March 04, 2026 -- A research team led by Professor Jiwoong Yang and Professor Su Il In from the Department of Energy Science & Engineering at DGIST (President Kunwoo Lee), in collaboration with Professor Jae-Yup Kim from the Department of Chemical Engineering at Konkuk University, has developed a technology to precisely control the concentration of anion defects in eco-friendly quantum dots through joint research. Through this technology, the research team achieved world-class solar hydrogen production efficiency in the field of heavy-metal-free eco-friendly quantum dot photoelectrodes.

A quantum dot is a nanoscale semiconductor crystal that is receiving attention as a key next-generation material across various fields—such as displays, optical sensors, and solar-driven hydrogen production—based on its outstanding optical and electrical properties. In particular, it holds high potential for photoelectrochemical hydrogen production technologies that convert solar energy into hydrogen fuel, but most existing high-efficiency quantum dots contain toxic heavy metals, which has limited their commercialization. Although research has been actively conducted to develop eco-friendly alternatives, their relatively low efficiency compared to heavy-metal-based materials has remained a major technical challenge.

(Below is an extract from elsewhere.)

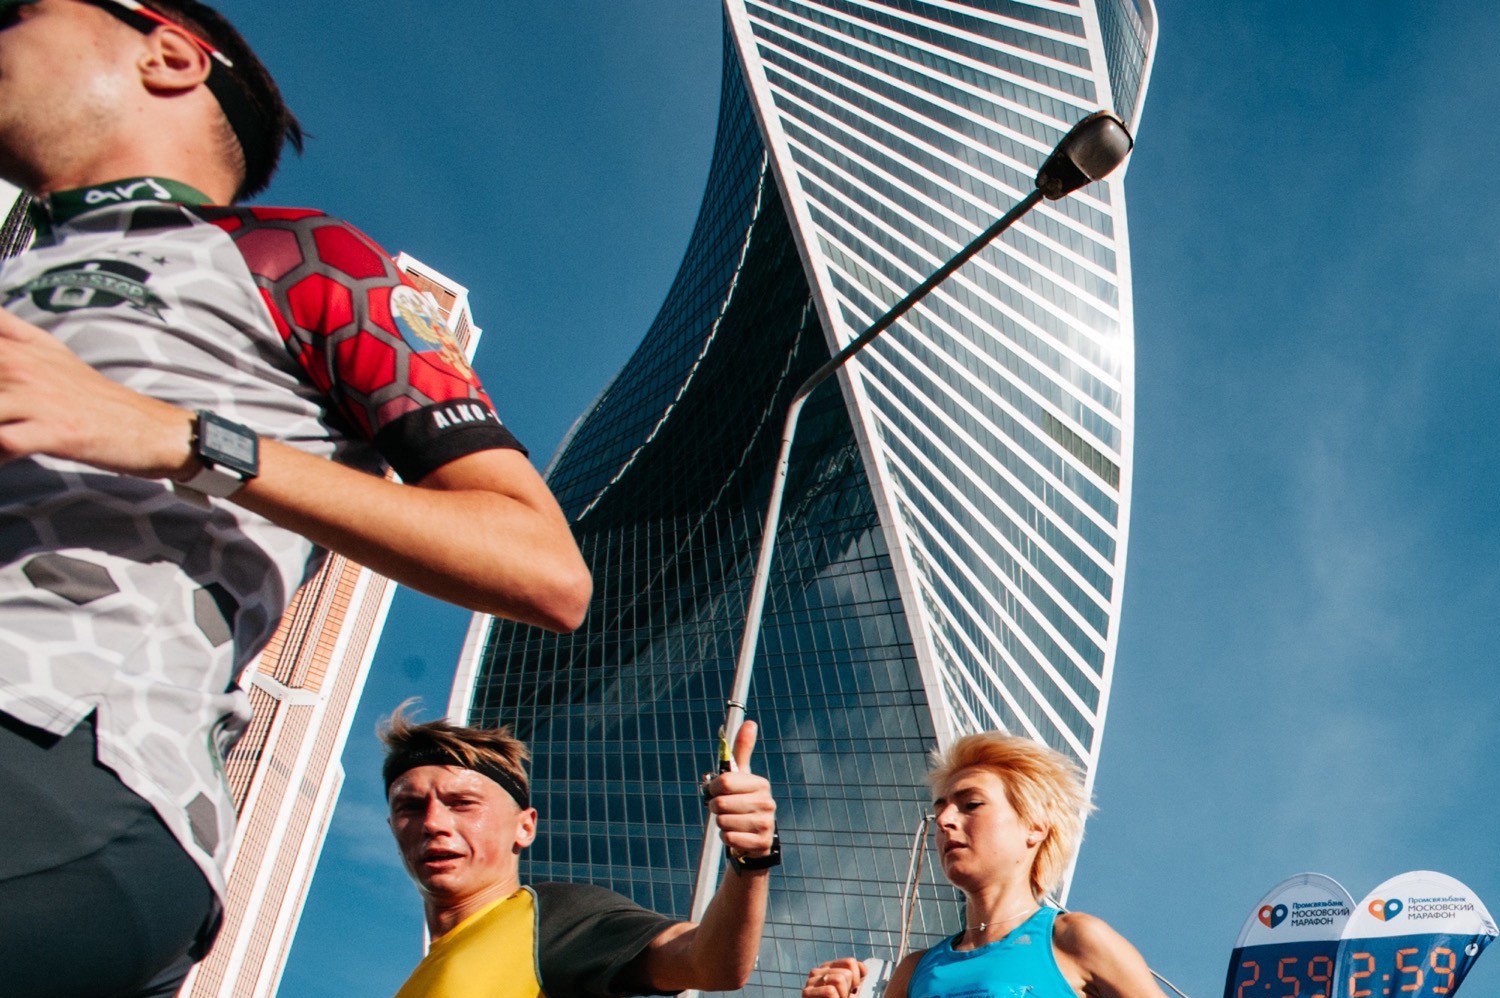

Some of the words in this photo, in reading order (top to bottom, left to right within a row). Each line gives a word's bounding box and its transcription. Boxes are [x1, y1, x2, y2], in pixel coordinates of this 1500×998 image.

I–III–VI group–based quantum dots, a representative class of eco-friendly quantum dots, have tended to exhibit a high density of anion defects within the crystal lattice because of their multicomponent structural characteristics, resulting in degraded optoelectronic properties. The DGIST research team developed a proprietary process that enables flexible control over the concentration of anion defects—which has been identified as a chronic weakness of eco-friendly quantum dots—through a simple yet effective strategy of finely tuning precursor ratios.

The study results confirmed that in copper–indium–sulfur–selenium (CuIn(S1-xSex)₂) quantum dots, lattice distortion is minimized when sulfur and selenium are mixed at a 1:1 ratio (CuIn(S0.5Se0.5)₂), while the concentration of anion defects is reduced to its lowest level, and crystal stability is maximized.

The defect-minimized eco-friendly quantum dots exhibited increased charge carrier concentration and prolonged lifetime, enabling photogenerated charges to migrate efficiently without recombination losses. When applied to a titanium dioxide–based (TiO₂-based) photoelectrode, they achieved a record photocurrent density of 15.1 mA·cm⁻² at 0.6 VRHE. This result demonstrates that high performance comparable to that of conventional toxic quantum dots can be realized without the use of hazardous heavy metals.

The research team secured not only high efficiency but also long-term operational stability, a key component of commercialization. By introducing a dual protective layer composed of zinc sulfide (ZnS) and silicon dioxide (SiO₂) onto the quantum dot surface, they effectively suppressed performance degradation caused by oxidative reactions in aqueous environments.

“This study represents a case in which the intrinsic defect issue—the most significant weakness of eco-friendly quantum dots—was precisely controlled through nanoscale process engineering, thereby overcoming performance limitations,” stated Professor Jiwoong Yang. “By demonstrating that high-efficiency hydrogen production is achievable without hazardous heavy metals, the findings are expected to contribute to accelerating the commercialization of sustainable, eco-friendly hydrogen energy.”

Meanwhile, this research was supported by the Ministry of Science and ICT and the National Research Foundation of Korea’s Nano and Materials Technology Development Program, as well as by the Ministry of Trade, Industry and Energy and the Korea Institute for Advancement of Technology’s International Collaborative Technology Development Program. The research findings were published online in eScience (IF 36.6), a top-tier international journal in the fields of energy and the environment. DGIST will continue to advance research aimed at leading the future hydrogen energy industry based on its technologies in eco-friendly energy materials.